MaitreKarlsson · 19/10/2013 20:20

Squiglet - your post really rang some bells with me. Same thing has been happening with my DC. I've been very concerned and just knew something was wrong. Despite repeated assurances from teachers that all was fine, it turns out that that was not the case. Don't want to say more in case I out myself, but I just want to say follow your instincts! You know your DD best and there is something going on. First, meet the teacher and take it from there, but don't stop till you work it out.

MissStrawberry · 19/10/2013 20:29

ime if you have no trust in your child's school it makes it impossible to leave them there.

I don't really know what to say without it turning into a rant but I feel for you and hope you can get the answers you need.

Periwinkle007 · 19/10/2013 20:32

a class of 30 is perfectly normal, my daughter last year had a class of 32 in reception because of appeals and my daughter this year is in a class of 30.

socially - not unusual at this age, my daughter clings terribly at parties, as did her older sister (youngest 4 in R, eldest just turned 6 in Yr1) but after about 4 parties in reception the eldest just suddenly seemed to gain in confidence. However at parents evening it turns out youngest whilst being terribly shy if we are around is confident in the classroom, standing up in front of the class etc.

counting to 10 - normal, that is what they do for a large part of reception. DD1 and DD2 both very good with numbers and could do 'proper' maths before starting but reception isn't about that. It is about confidence, playing, sharing, making sure they have a completely solid foundation in phonics, numbers etc. do they see numbers in relation to actual objects and so on.

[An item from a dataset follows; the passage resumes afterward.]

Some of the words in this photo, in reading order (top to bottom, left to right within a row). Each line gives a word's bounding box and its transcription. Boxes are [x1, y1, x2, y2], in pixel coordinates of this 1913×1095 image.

I am sure she will have done quite a few phonic sounds this term, they may be doing it in such a way she isn't aware she is learning them. It depends how they are teaching them, some schools teach all the phonic sounds then move on to blending and then start sending home books (can be Jan ish by then) others will teach a small number of sounds and immediately start on blending those sounds. some send home wordless books very early, some go straight to books with words, some don't do books for a while.

I bit my tongue for a lot of reception, my daughter was way beyond any academic work they did last year, she finished the year with her academic achievements being things she could do when she started but she did learn so many other things and this year will hopefully get the chance to move forwards. My other daughter can already pretty much meet the academic targets for the end of EYFS but she isn't as confident in many situations and I think the year will do her a lot of good before starting proper academic work next year.

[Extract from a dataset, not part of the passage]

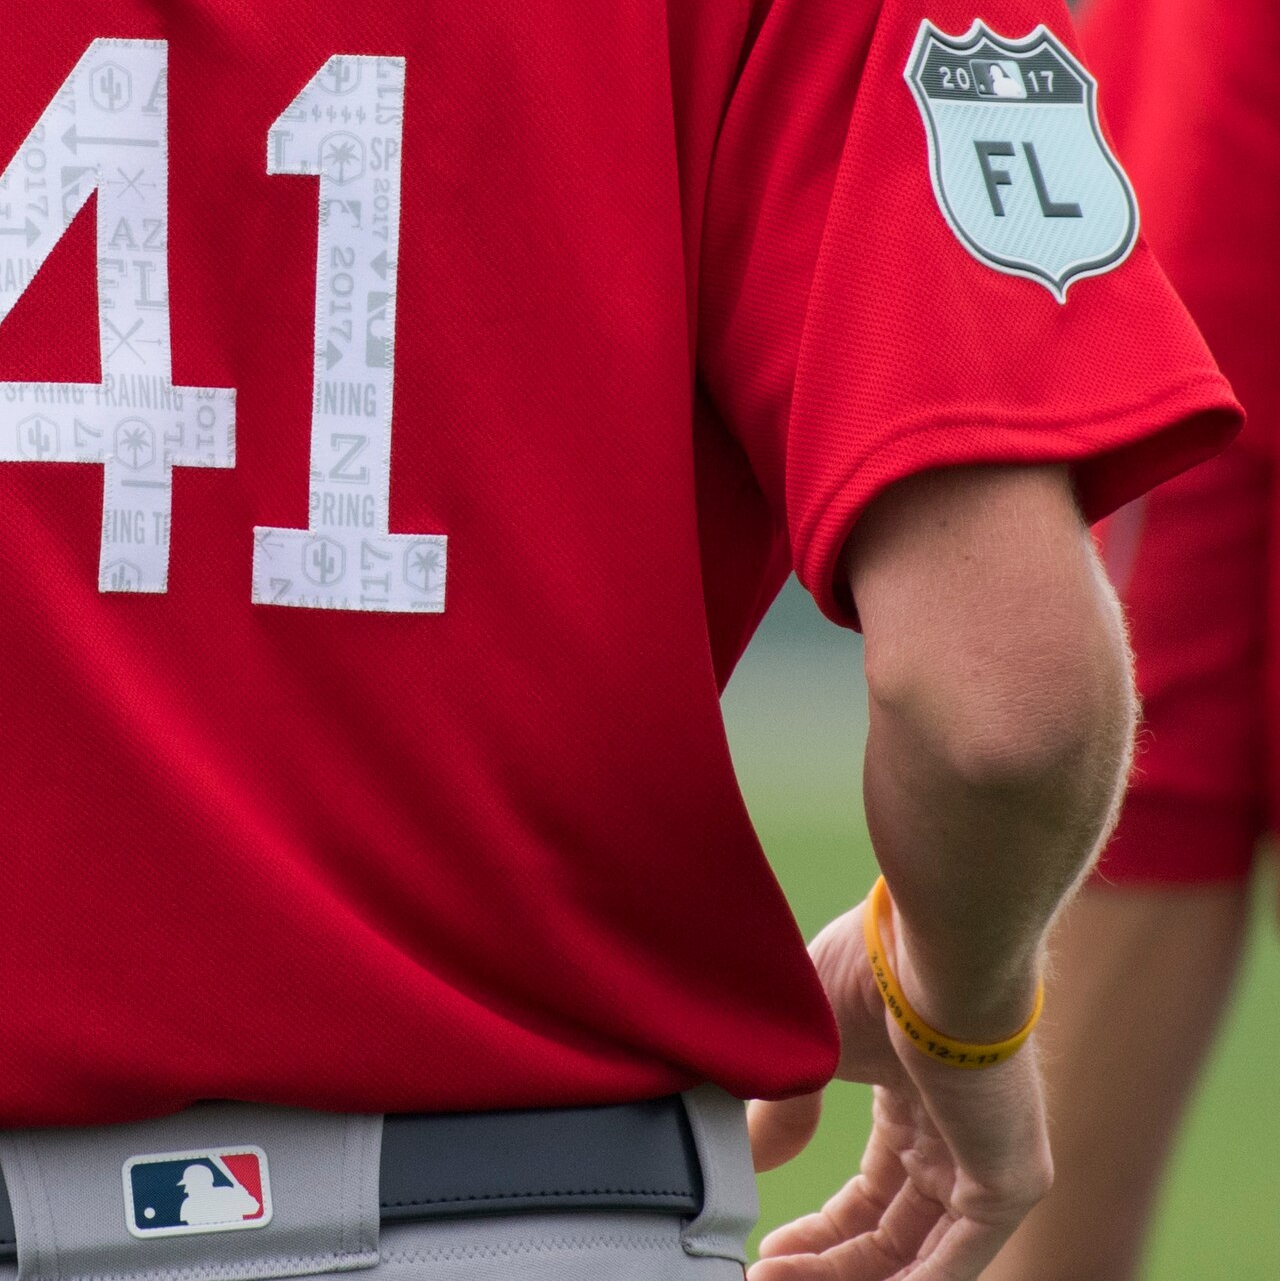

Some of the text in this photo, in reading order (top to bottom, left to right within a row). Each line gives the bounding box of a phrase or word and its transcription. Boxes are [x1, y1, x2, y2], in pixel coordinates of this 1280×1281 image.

[939, 65, 1054, 93] 20 17
[973, 140, 1083, 218] FL
[327, 245, 357, 345] 2017

I am not trying to say your concerns are unnecessary as only you know your child and the school but I would ignore the academic ones for the moment as it is too soon to be worrying about those, they haven't even done half a term yet. Concentrate on friends and confidence, I would ask the teacher specifically about those and maybe try to set up some playdates.

ThisIsMeToo · 20/10/2013 18:41

SquigletPie, unfortunately my experience is that schools are rarely able to tell you to do to support your child when they struggle.

In the whole of primary school, I met one very good teacher who was very happy to support me and give me pointers as to what to do with ds. We were really working as a team (eg she was giving me specific work to do with ds and I could tell her what sort of issues I had noticed. She would check and confirm that yes there was an issue with X and work on it with him). Others have been good as willing to engage with me and others just brushed any issues as 'age related' or 'still being within the expectations'.

I would say you are right to want to follow that. My ds never 'complained' or 'made a fuss' when I left him at school. He just got on with it the best he could. It doesn't mean he wasn't struggling. Different children react in different ways. His frustration and difficulties came out at home when he just completely 'lost it' several times a day. Never at school where he always has been described as 'quiet as a mouse'.

It doesn't mean that your dd does have some issues though. Just that yes it is a good idea to keep an eye on it and to try and support her. But not necessary to panic about it.